SUPPLIED ENTRIES:
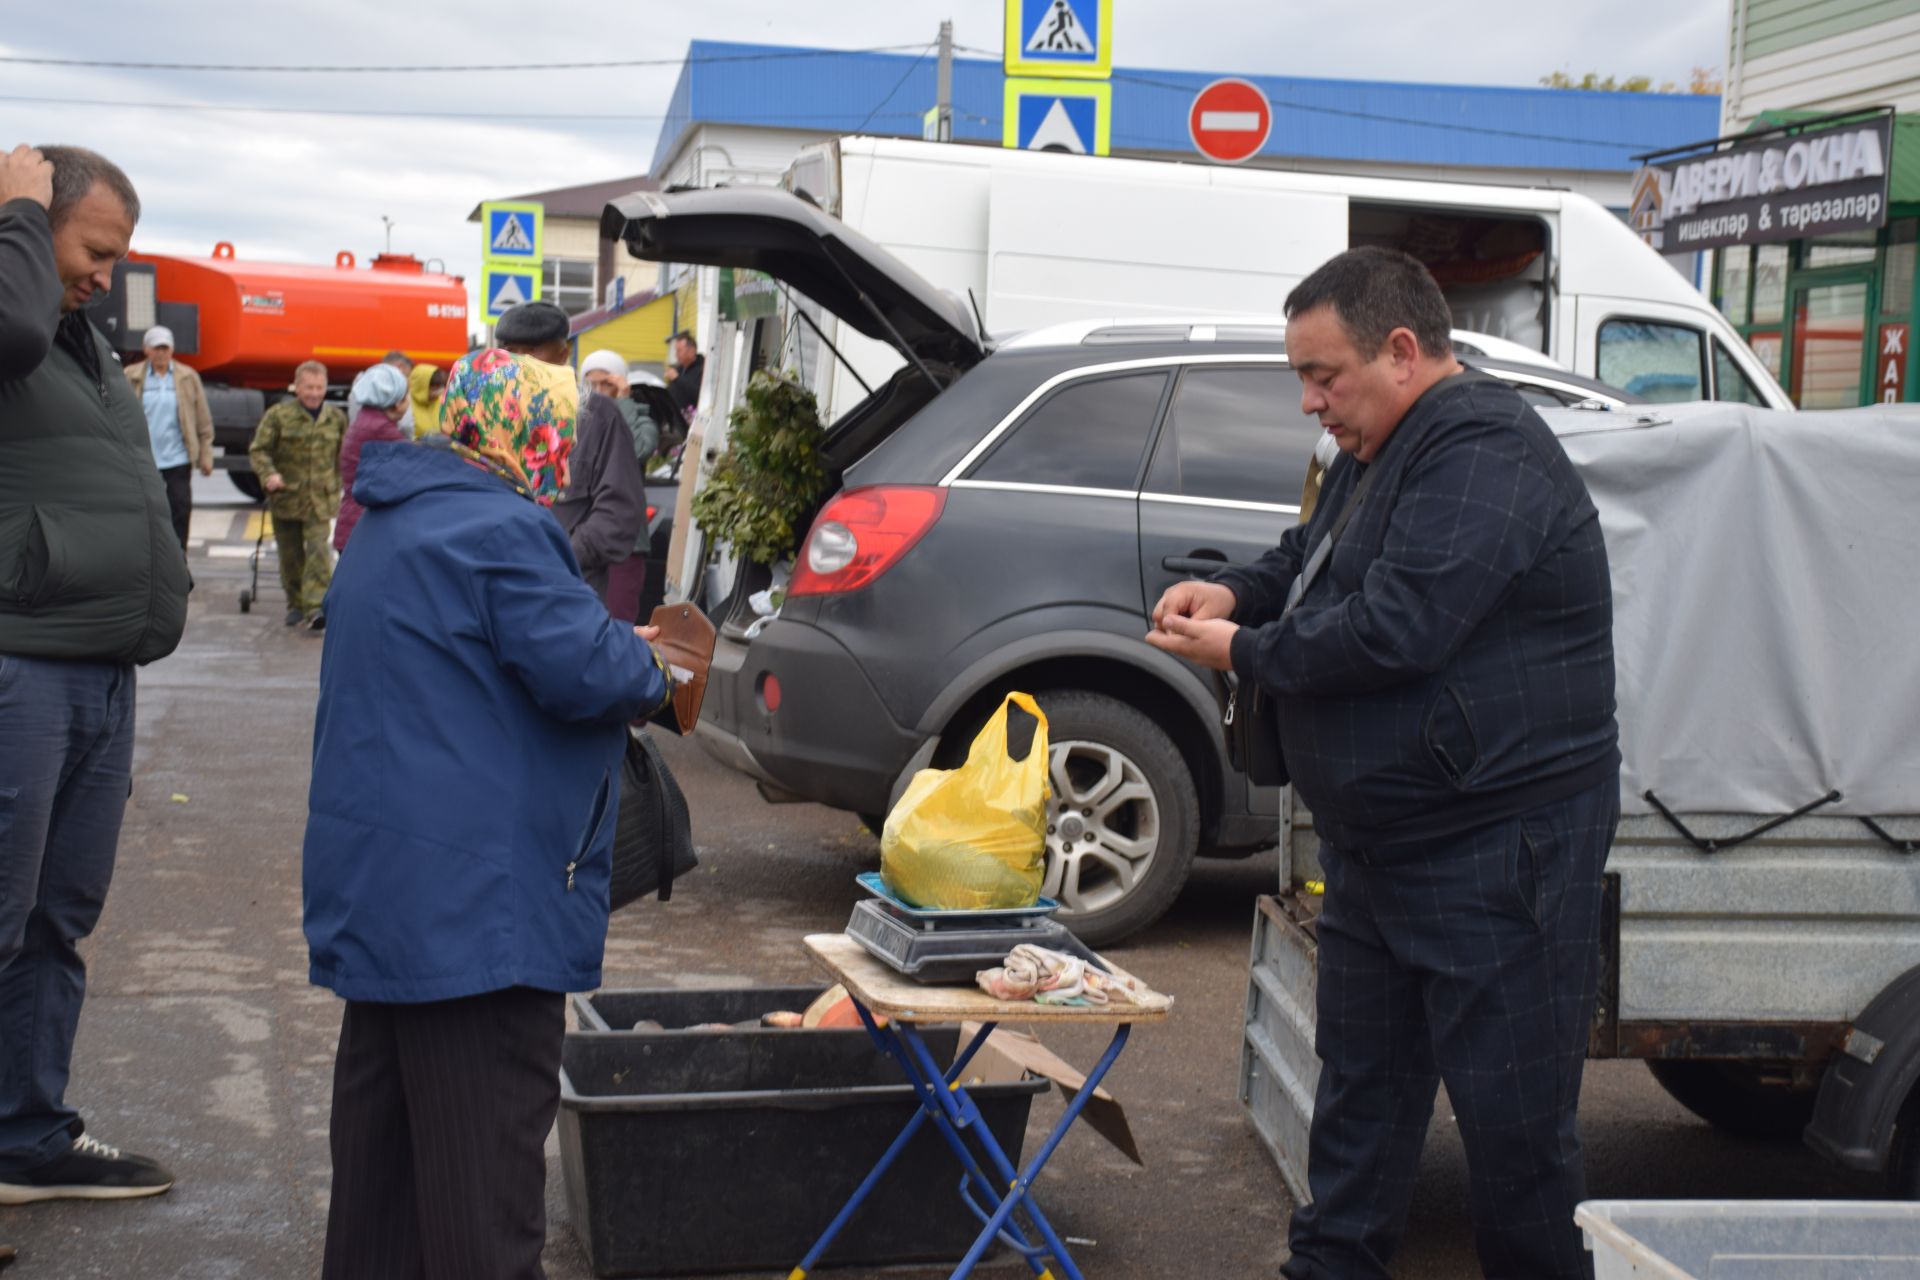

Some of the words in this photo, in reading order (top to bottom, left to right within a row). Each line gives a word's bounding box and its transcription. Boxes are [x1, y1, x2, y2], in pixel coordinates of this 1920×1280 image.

[1667, 152, 1759, 219] ДВЕРИ
[1758, 148, 1783, 194] &
[1784, 129, 1883, 189] ОКНА
[1679, 213, 1748, 242] ишекләр
[1759, 203, 1772, 231] &
[1780, 193, 1881, 230] тәрәзәләр

EXERCISE OBJECTIVE: Any picture in the material is to be dropped; the rest is repeated exactly.

RESPONSE:
Some of the words in this photo, in reading order (top to bottom, left to right within a row). Each line gives a word's bounding box and its transcription. Boxes are [x1, y1, x2, y2], in pixel coordinates of this 1920×1280 image.

[1667, 152, 1759, 219] ДВЕРИ
[1758, 148, 1783, 194] &
[1784, 129, 1883, 189] ОКНА
[1679, 213, 1748, 242] ишекләр
[1759, 203, 1772, 231] &
[1780, 193, 1881, 230] тәрәзәләр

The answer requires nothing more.